**TASK TO COMPLETE:**
Could you retype every record below exactly as it appears?

**PROVIDED ENTRIES:**

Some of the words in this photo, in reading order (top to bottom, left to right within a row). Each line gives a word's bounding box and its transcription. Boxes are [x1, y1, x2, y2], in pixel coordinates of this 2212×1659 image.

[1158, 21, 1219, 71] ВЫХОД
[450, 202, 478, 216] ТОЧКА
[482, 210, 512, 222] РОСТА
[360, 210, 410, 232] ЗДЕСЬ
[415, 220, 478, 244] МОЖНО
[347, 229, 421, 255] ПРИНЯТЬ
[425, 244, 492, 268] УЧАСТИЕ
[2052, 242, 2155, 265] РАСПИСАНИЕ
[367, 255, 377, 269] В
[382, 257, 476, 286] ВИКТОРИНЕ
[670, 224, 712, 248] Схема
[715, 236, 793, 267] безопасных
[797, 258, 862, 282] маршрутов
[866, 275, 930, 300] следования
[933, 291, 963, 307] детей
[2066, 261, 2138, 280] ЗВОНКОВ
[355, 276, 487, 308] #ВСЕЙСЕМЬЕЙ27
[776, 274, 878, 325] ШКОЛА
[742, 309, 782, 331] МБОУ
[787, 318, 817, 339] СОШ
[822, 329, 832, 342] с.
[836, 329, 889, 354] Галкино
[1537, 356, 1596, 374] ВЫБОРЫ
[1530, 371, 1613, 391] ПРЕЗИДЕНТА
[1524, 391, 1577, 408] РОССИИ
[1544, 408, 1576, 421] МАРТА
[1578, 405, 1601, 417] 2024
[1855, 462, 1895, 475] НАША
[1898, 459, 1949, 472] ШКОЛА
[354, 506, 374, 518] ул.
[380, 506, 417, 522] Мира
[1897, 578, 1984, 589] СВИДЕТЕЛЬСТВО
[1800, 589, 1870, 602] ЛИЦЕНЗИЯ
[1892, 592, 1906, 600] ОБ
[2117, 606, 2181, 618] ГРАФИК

**ANSWER TO THIS PROBLEM:**
Some of the words in this photo, in reading order (top to bottom, left to right within a row). Each line gives a word's bounding box and its transcription. Boxes are [x1, y1, x2, y2], in pixel coordinates of this 2212×1659 image.

[1158, 21, 1219, 71] ВЫХОД
[450, 202, 478, 216] ТОЧКА
[482, 210, 512, 222] РОСТА
[360, 210, 410, 232] ЗДЕСЬ
[415, 220, 478, 244] МОЖНО
[347, 229, 421, 255] ПРИНЯТЬ
[425, 244, 492, 268] УЧАСТИЕ
[2052, 242, 2155, 265] РАСПИСАНИЕ
[367, 255, 377, 269] В
[382, 257, 476, 286] ВИКТОРИНЕ
[670, 224, 712, 248] Схема
[715, 236, 793, 267] безопасных
[797, 258, 862, 282] маршрутов
[866, 275, 930, 300] следования
[933, 291, 963, 307] детей
[2066, 261, 2138, 280] ЗВОНКОВ
[355, 276, 487, 308] #ВСЕЙСЕМЬЕЙ27
[776, 274, 878, 325] ШКОЛА
[742, 309, 782, 331] МБОУ
[787, 318, 817, 339] СОШ
[822, 329, 832, 342] с.
[836, 329, 889, 354] Галкино
[1537, 356, 1596, 374] ВЫБОРЫ
[1530, 371, 1613, 391] ПРЕЗИДЕНТА
[1524, 391, 1577, 408] РОССИИ
[1544, 408, 1576, 421] МАРТА
[1578, 405, 1601, 417] 2024
[1855, 462, 1895, 475] НАША
[1898, 459, 1949, 472] ШКОЛА
[354, 506, 374, 518] ул.
[380, 506, 417, 522] Мира
[1897, 578, 1984, 589] СВИДЕТЕЛЬСТВО
[1800, 589, 1870, 602] ЛИЦЕНЗИЯ
[1892, 592, 1906, 600] ОБ
[2117, 606, 2181, 618] ГРАФИК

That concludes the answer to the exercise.